Hamsi ihracatında geçen seneye göre düşüş yaşandığını belirten Gürdoğan, Doğu Karadeniz Bölgesi’nden alabalık ihracatının da başladığını dile getirdi. Gürdoğan, “Türkiye’de balık denilince akla Trabzon geliyor ama Trabzon balıkta öncü olacağına şuanda rakamlara baktığımızda hiçte öyle olmadığını görüyoruz. Dünyadaki teknolojileri ülkemize ve bölgemize taşımamız gerekiyor. Kalkan balığına o kadar emek verildi yapıldı ama biz halen daha bir çiftlik kurabilmiş değiliz” dedi.

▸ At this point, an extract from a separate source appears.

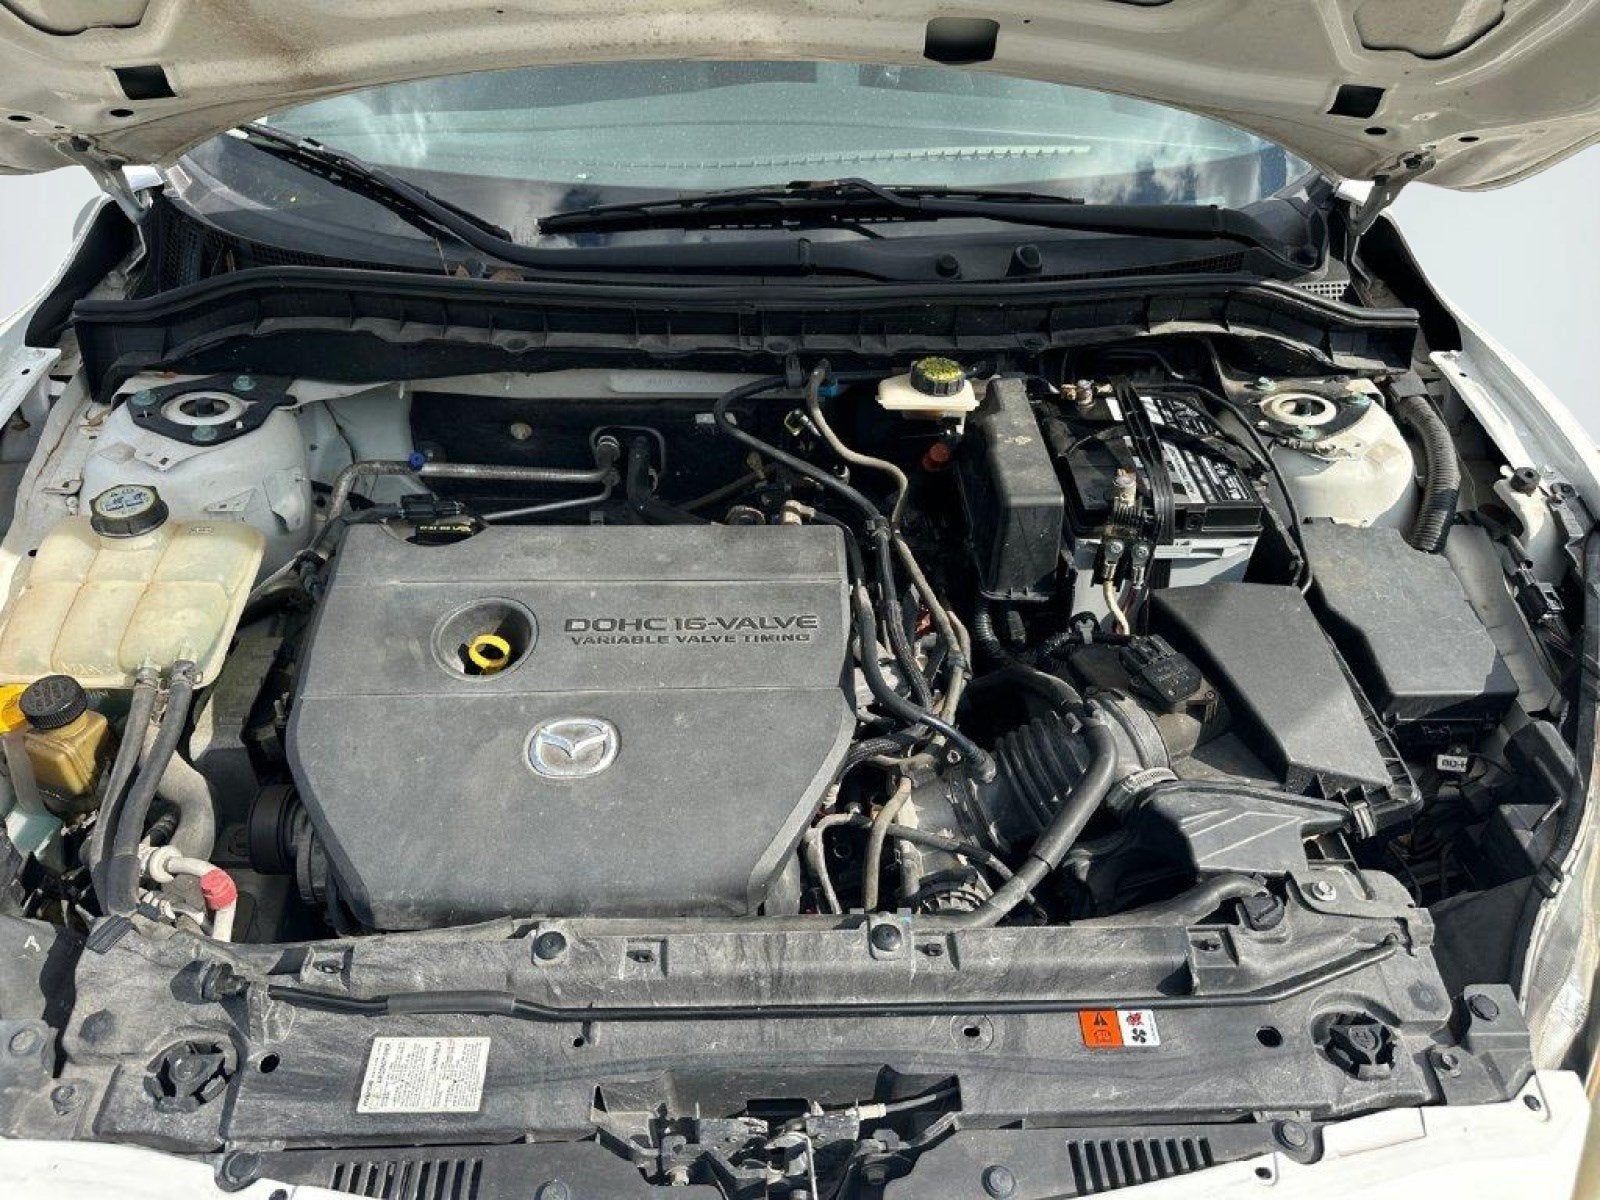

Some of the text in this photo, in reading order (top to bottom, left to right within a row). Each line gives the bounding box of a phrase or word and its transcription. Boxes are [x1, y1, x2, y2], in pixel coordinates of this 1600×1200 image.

[564, 615, 818, 632] DOHC 16-VALVE
[571, 633, 811, 645] VARIABLE VALVE TIMING
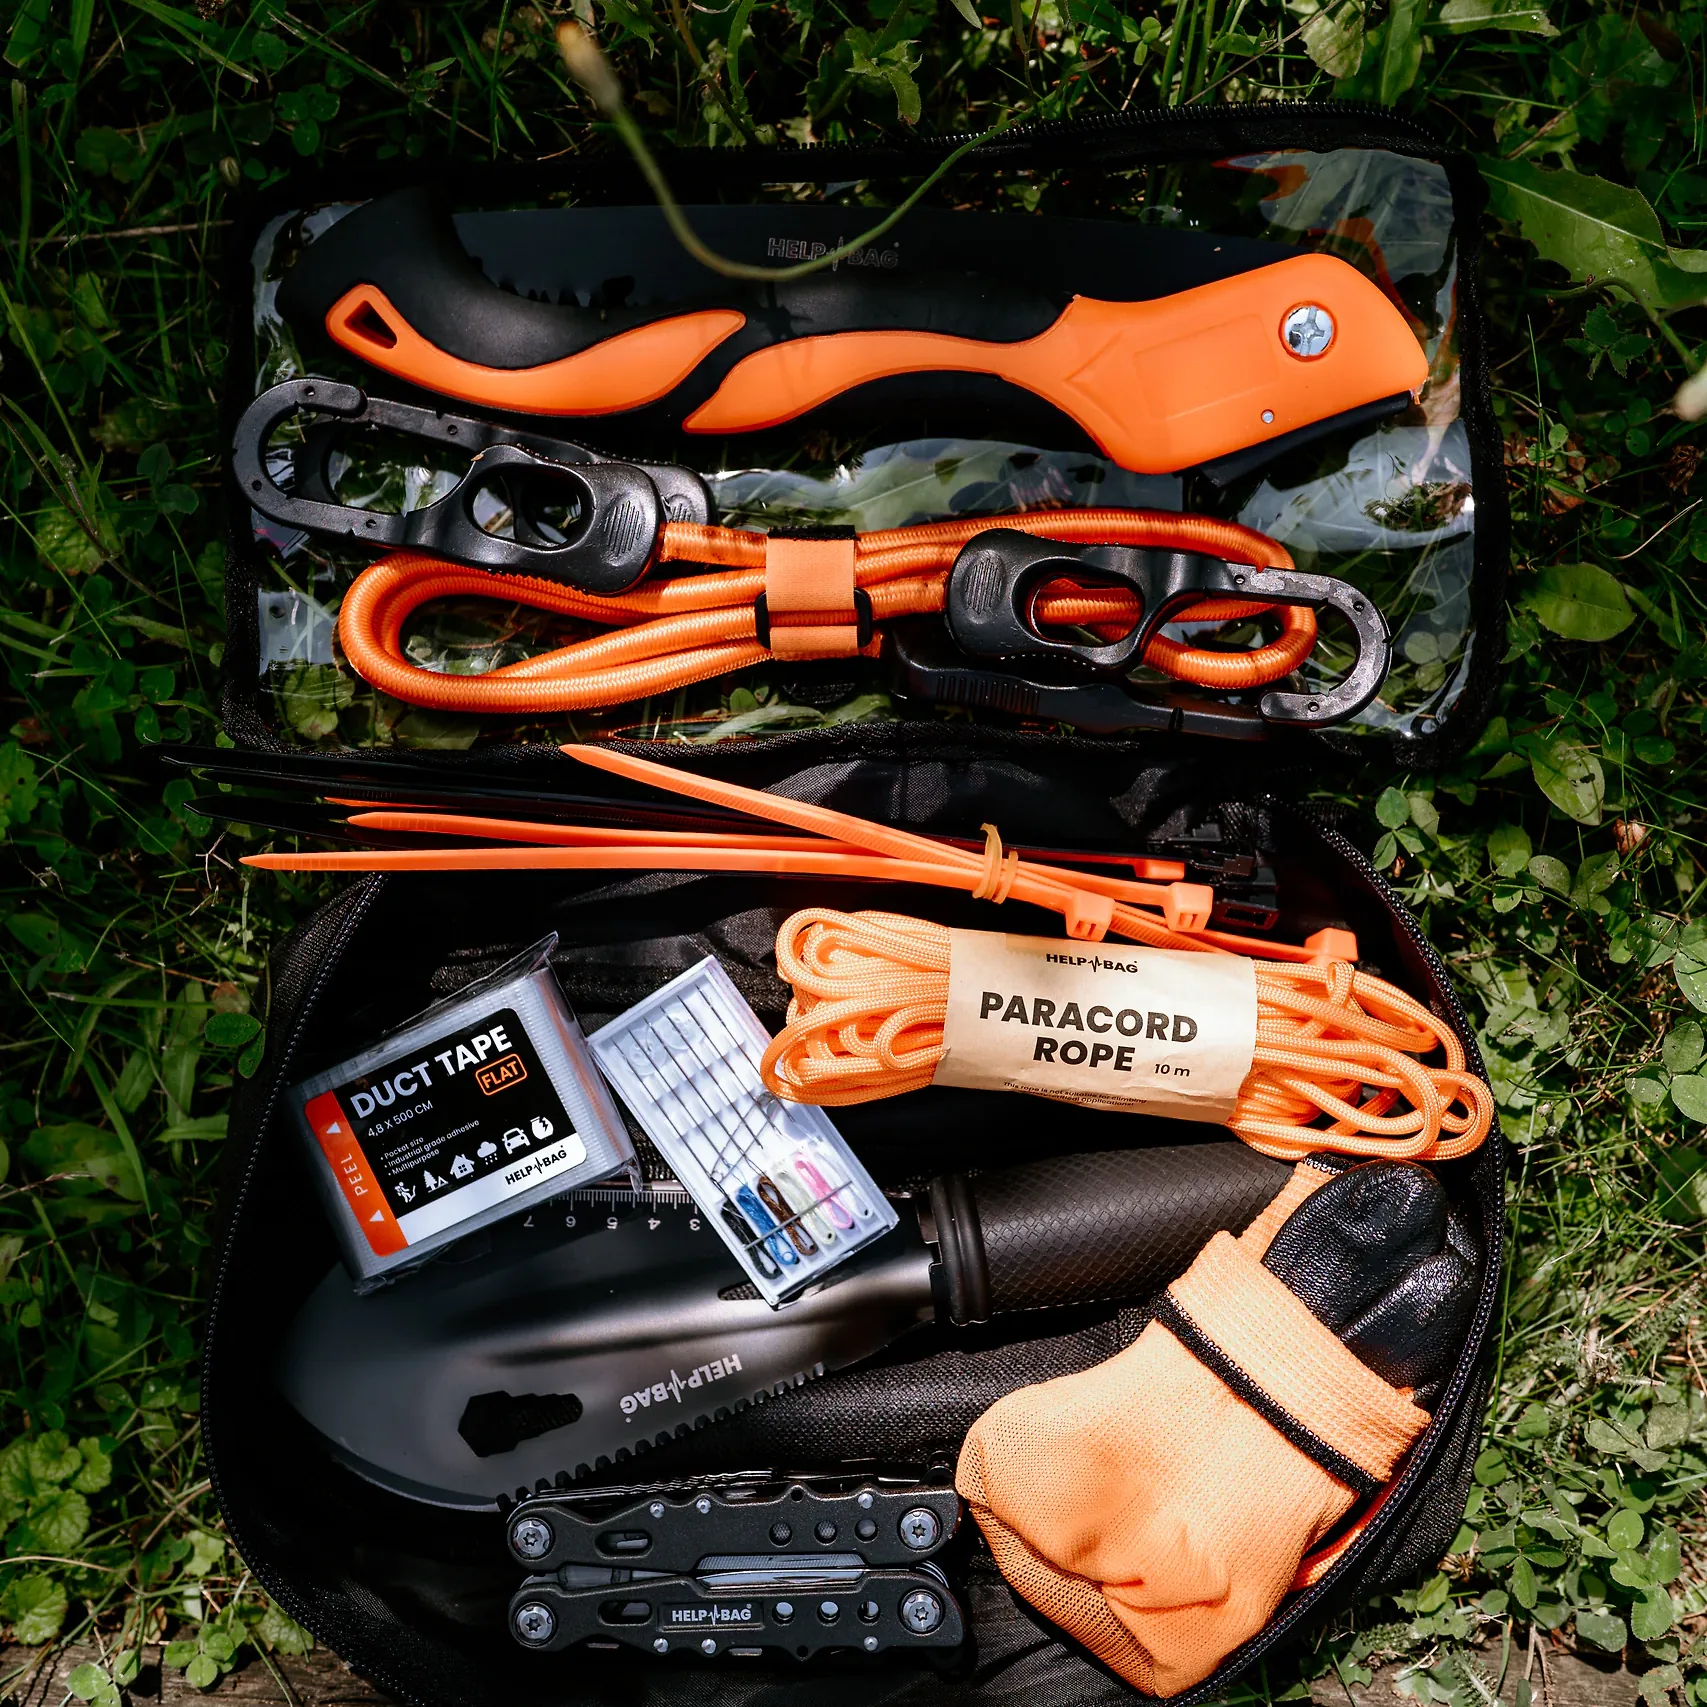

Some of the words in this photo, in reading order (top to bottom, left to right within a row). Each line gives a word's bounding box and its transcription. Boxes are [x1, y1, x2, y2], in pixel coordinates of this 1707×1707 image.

Belirli yasakların getirilmesiyle denizlerin koruma altına alınacağını kaydeden Gürdoğan, “Özellikle geçmiş yıllarda gırgır diye tabir ettiğimiz yuvaların çıkarılmasıyla beraber denizdeki doğal tabiat alanlarını koruyamadığımızdan dolayı her sene düşüş yaşıyoruz. Belirli korumaların getirilmesi lazım. Balıkhaneye gittiğiniz zaman hamsi, istavrit, mezgitin hoyratça avlandığını görüyoruz. İstanbul Boğazı’nda lüfer belirli bir koruma altına alındı. Bu denizler gelecek kuşaklara aktarılması noktasında yasakları daha sıkı hale getirmemiz lazım. Norveç’te 35-40 milyar dolar sadece balıktan para kazandığını görüyoruz. 3 tarafı denizlerle çevrili bir ülkede yaşamamıza rağmen bunları yeterli olarak kullanamıyoruz” ifadelerini kullandı.